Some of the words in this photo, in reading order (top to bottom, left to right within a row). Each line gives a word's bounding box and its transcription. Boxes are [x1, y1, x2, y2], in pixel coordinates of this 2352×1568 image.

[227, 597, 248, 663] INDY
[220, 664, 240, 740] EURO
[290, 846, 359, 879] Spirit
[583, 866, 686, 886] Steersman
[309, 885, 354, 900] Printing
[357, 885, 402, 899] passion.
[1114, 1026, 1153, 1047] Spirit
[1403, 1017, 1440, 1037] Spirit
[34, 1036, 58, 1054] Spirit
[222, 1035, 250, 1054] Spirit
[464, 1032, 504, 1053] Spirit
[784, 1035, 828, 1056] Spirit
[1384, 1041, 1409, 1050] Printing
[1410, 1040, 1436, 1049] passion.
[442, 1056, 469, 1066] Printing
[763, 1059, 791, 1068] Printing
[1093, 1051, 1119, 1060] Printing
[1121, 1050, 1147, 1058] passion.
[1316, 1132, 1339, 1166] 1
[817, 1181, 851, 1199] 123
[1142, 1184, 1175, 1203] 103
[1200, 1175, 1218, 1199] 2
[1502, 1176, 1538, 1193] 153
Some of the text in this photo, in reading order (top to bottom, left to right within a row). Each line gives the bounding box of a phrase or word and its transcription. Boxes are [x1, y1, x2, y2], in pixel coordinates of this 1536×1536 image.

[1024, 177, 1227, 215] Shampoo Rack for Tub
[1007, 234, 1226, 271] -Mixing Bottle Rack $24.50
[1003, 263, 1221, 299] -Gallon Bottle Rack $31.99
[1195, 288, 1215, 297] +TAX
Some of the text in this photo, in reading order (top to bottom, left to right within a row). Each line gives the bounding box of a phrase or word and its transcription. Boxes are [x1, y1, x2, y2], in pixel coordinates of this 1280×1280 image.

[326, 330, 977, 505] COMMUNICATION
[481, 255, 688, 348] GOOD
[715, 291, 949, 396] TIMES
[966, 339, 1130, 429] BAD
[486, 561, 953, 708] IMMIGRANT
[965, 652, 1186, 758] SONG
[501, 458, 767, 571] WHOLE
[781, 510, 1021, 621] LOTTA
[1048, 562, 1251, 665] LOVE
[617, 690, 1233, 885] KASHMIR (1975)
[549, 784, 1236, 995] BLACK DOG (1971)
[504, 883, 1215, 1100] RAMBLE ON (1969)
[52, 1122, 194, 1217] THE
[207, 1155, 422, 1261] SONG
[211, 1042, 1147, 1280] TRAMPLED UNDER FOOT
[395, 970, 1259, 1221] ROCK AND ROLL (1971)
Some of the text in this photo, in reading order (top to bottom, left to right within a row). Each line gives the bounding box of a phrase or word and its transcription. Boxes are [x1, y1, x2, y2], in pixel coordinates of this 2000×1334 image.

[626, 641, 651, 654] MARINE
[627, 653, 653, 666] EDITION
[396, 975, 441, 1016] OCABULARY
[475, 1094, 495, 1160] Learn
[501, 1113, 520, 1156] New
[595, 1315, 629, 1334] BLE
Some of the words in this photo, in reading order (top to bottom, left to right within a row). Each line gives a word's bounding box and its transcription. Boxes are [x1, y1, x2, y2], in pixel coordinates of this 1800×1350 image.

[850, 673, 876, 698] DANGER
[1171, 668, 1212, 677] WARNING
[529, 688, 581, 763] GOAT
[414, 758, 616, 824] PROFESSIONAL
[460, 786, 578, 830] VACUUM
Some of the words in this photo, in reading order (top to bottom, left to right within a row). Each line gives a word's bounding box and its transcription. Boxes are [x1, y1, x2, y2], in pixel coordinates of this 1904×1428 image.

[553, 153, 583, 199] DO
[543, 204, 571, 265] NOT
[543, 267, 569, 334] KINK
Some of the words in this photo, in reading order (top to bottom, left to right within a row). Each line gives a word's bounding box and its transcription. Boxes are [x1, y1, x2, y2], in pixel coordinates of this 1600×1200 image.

=-=-=-=-=

▸ What is required: The full listing, top to bottom: write it out again exactly.

▸ Exercise output:
Some of the words in this photo, in reading order (top to bottom, left to right within a row). Each line gives a word's bounding box and its transcription. Boxes are [x1, y1, x2, y2], in pixel coordinates of this 2352×1568 image.

[227, 597, 248, 663] INDY
[220, 664, 240, 740] EURO
[290, 846, 359, 879] Spirit
[583, 866, 686, 886] Steersman
[309, 885, 354, 900] Printing
[357, 885, 402, 899] passion.
[1114, 1026, 1153, 1047] Spirit
[1403, 1017, 1440, 1037] Spirit
[34, 1036, 58, 1054] Spirit
[222, 1035, 250, 1054] Spirit
[464, 1032, 504, 1053] Spirit
[784, 1035, 828, 1056] Spirit
[1384, 1041, 1409, 1050] Printing
[1410, 1040, 1436, 1049] passion.
[442, 1056, 469, 1066] Printing
[763, 1059, 791, 1068] Printing
[1093, 1051, 1119, 1060] Printing
[1121, 1050, 1147, 1058] passion.
[1316, 1132, 1339, 1166] 1
[817, 1181, 851, 1199] 123
[1142, 1184, 1175, 1203] 103
[1200, 1175, 1218, 1199] 2
[1502, 1176, 1538, 1193] 153
Some of the text in this photo, in reading order (top to bottom, left to right within a row). Each line gives the bounding box of a phrase or word and its transcription. Boxes are [x1, y1, x2, y2], in pixel coordinates of this 1536×1536 image.

[1024, 177, 1227, 215] Shampoo Rack for Tub
[1007, 234, 1226, 271] -Mixing Bottle Rack $24.50
[1003, 263, 1221, 299] -Gallon Bottle Rack $31.99
[1195, 288, 1215, 297] +TAX
Some of the text in this photo, in reading order (top to bottom, left to right within a row). Each line gives the bounding box of a phrase or word and its transcription. Boxes are [x1, y1, x2, y2], in pixel coordinates of this 1280×1280 image.

[326, 330, 977, 505] COMMUNICATION
[481, 255, 688, 348] GOOD
[715, 291, 949, 396] TIMES
[966, 339, 1130, 429] BAD
[486, 561, 953, 708] IMMIGRANT
[965, 652, 1186, 758] SONG
[501, 458, 767, 571] WHOLE
[781, 510, 1021, 621] LOTTA
[1048, 562, 1251, 665] LOVE
[617, 690, 1233, 885] KASHMIR (1975)
[549, 784, 1236, 995] BLACK DOG (1971)
[504, 883, 1215, 1100] RAMBLE ON (1969)
[52, 1122, 194, 1217] THE
[207, 1155, 422, 1261] SONG
[211, 1042, 1147, 1280] TRAMPLED UNDER FOOT
[395, 970, 1259, 1221] ROCK AND ROLL (1971)
Some of the text in this photo, in reading order (top to bottom, left to right within a row). Each line gives the bounding box of a phrase or word and its transcription. Boxes are [x1, y1, x2, y2], in pixel coordinates of this 2000×1334 image.

[626, 641, 651, 654] MARINE
[627, 653, 653, 666] EDITION
[396, 975, 441, 1016] OCABULARY
[475, 1094, 495, 1160] Learn
[501, 1113, 520, 1156] New
[595, 1315, 629, 1334] BLE
Some of the words in this photo, in reading order (top to bottom, left to right within a row). Each line gives a word's bounding box and its transcription. Boxes are [x1, y1, x2, y2], in pixel coordinates of this 1800×1350 image.

[850, 673, 876, 698] DANGER
[1171, 668, 1212, 677] WARNING
[529, 688, 581, 763] GOAT
[414, 758, 616, 824] PROFESSIONAL
[460, 786, 578, 830] VACUUM
Some of the words in this photo, in reading order (top to bottom, left to right within a row). Each line gives a word's bounding box and its transcription. Boxes are [x1, y1, x2, y2], in pixel coordinates of this 1904×1428 image.

[553, 153, 583, 199] DO
[543, 204, 571, 265] NOT
[543, 267, 569, 334] KINK
Some of the words in this photo, in reading order (top to bottom, left to right within a row). Each line gives a word's bounding box and its transcription. Boxes are [x1, y1, x2, y2], in pixel coordinates of this 1600×1200 image.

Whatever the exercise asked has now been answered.